With young lives being cut short in road accidents every now and then, any attempt to dramatically reduce the mishaps is crucial.
With young lives being cut short in road accidents every now and then, any attempt to dramatically reduce the mishaps is crucial. Road safety and accident prevention are recurring, frequently explored subjects, although not always from the same perspective.
It may be obvious that accident-related events are linked to risky behaviour and, in fact, “there are studies that link them together, but they have not been studied at the cognition or thought level,” explained author David Herrero from the University of the Basque Country.
“Traditionally, three factors have been cited to predict traffic accidents: the vehicle factor, the road factor and the human factor, and it has emerged in practically all the studies that the human factor is the most important one when predicting accidents.
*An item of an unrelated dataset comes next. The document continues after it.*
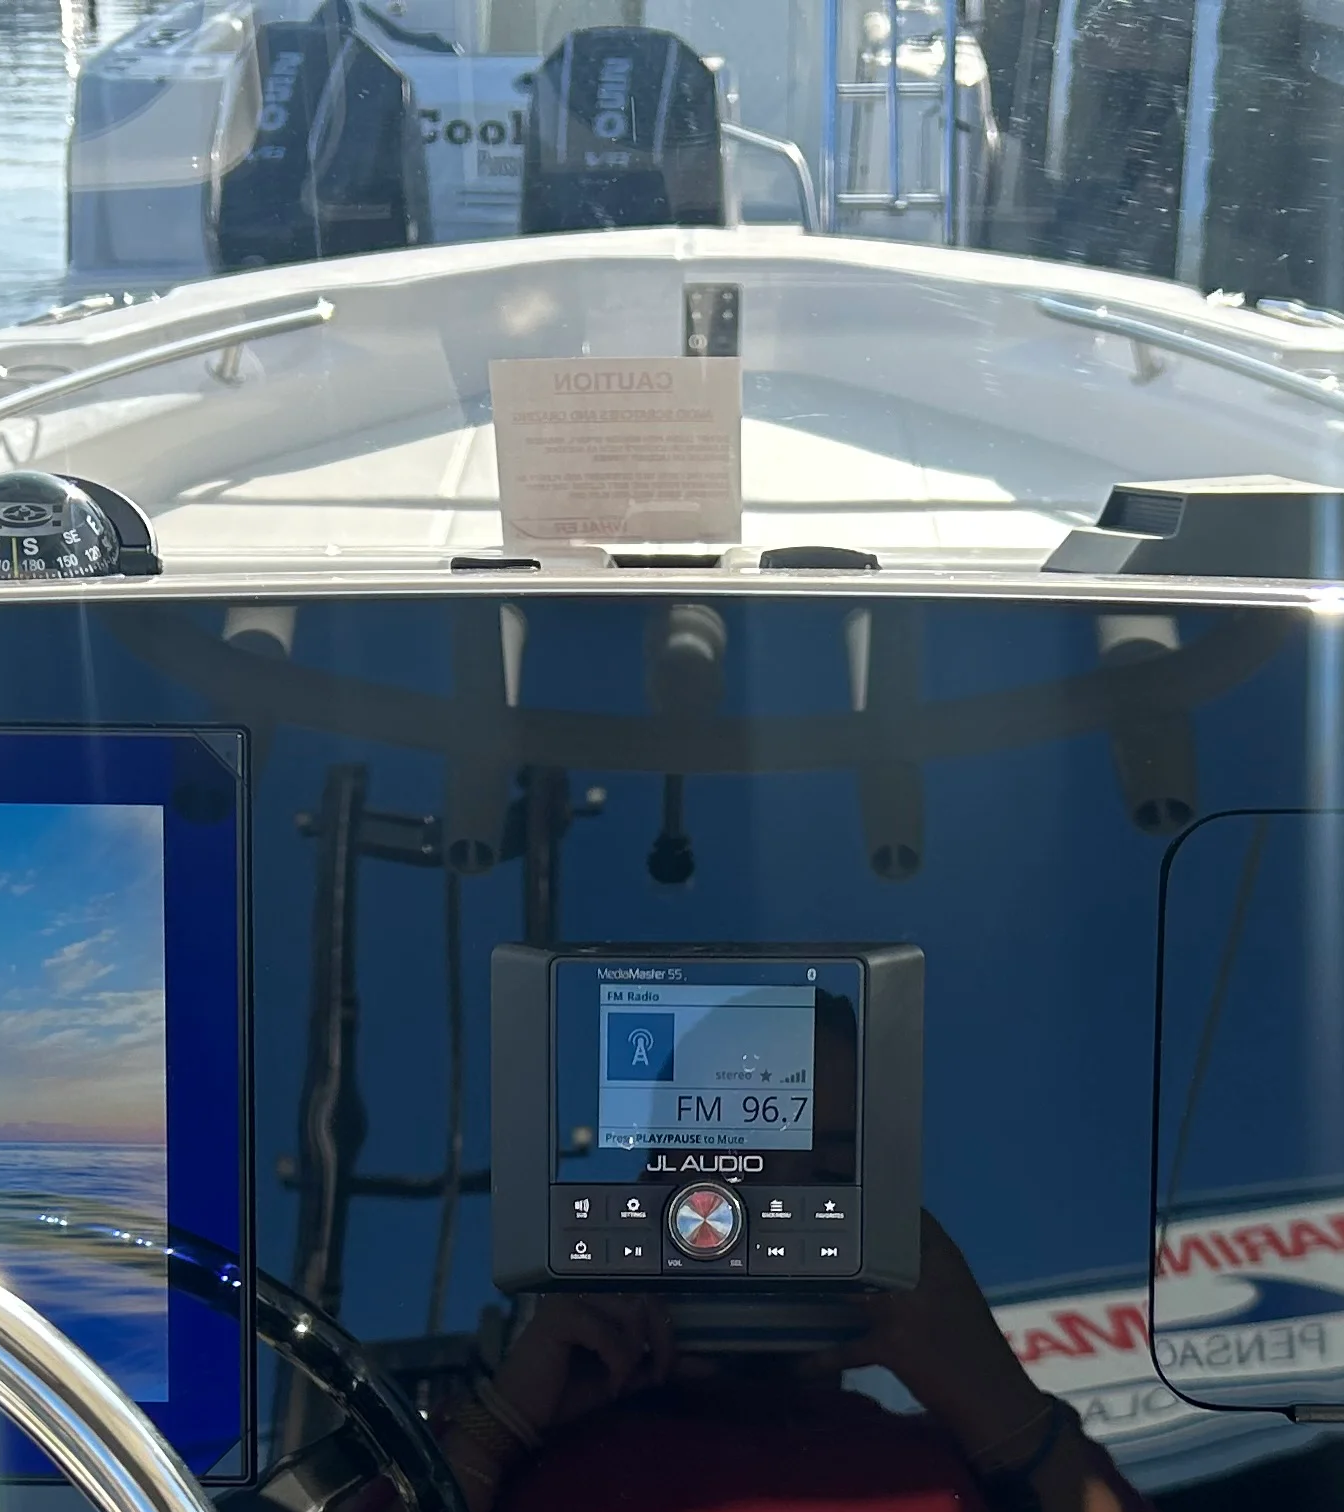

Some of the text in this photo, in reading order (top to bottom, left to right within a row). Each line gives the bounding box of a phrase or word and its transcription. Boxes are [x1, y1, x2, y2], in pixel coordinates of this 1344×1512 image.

So that is where I have focussed my eight-year-long research,” he added.
Three variables were measured: aggressive thoughts, risky behaviour and aggressive behaviour and it was found that accident-related events were related with aggressive behaviour, but above all with risky behaviour, although both factors could significantly predict traffic accidents.
414 people in possession of valid driving licences and who drive at least once a week participated in the study.
The study also analysed differences in terms of age and sex. With respect to age, they saw that the youngest drivers are the ones most likely to experience anger and to express themselves aggressively, which is common in nearly all the studies.
By contrast, the differences between the sexes are not that clear with respect to the expression and experience of anger, not even with respect to aggressive thoughts. Men and women have the same frequency of aggressive thoughts.
The keys detected in this study could be useful not only in road safety but also in the area of clinical psychology. “Risky, aggressive behaviour in driving is a subject that has been little dealt with clinically, but what is true is that there is a small though significant percentage of drivers who are highly prone to behaving this way,” he explained.
According to the researcher, it is important to know the cognitive, emotional and other mechanisms underlying this kind of behaviour so as to be able to intervene in the clearest, most precise way.
“Through the tools used, these processes can be assessed and clues provided on possible intervention. If a person says that in their real life and in driving he/she tends to behave aggressively in a specific way, we know that in the other context he/she is going to act in the same way,” they added.
Herrero concluded that “if we can make a person capable of spotting when he/she is behaving in a risky or even aggressive way, we will be reducing accident-related events. The main thing is to act on risky, aggressive behaviour more than on thoughts, even though one thing leads to the other.”
The study appears in journal Accident Analysis and Prevention.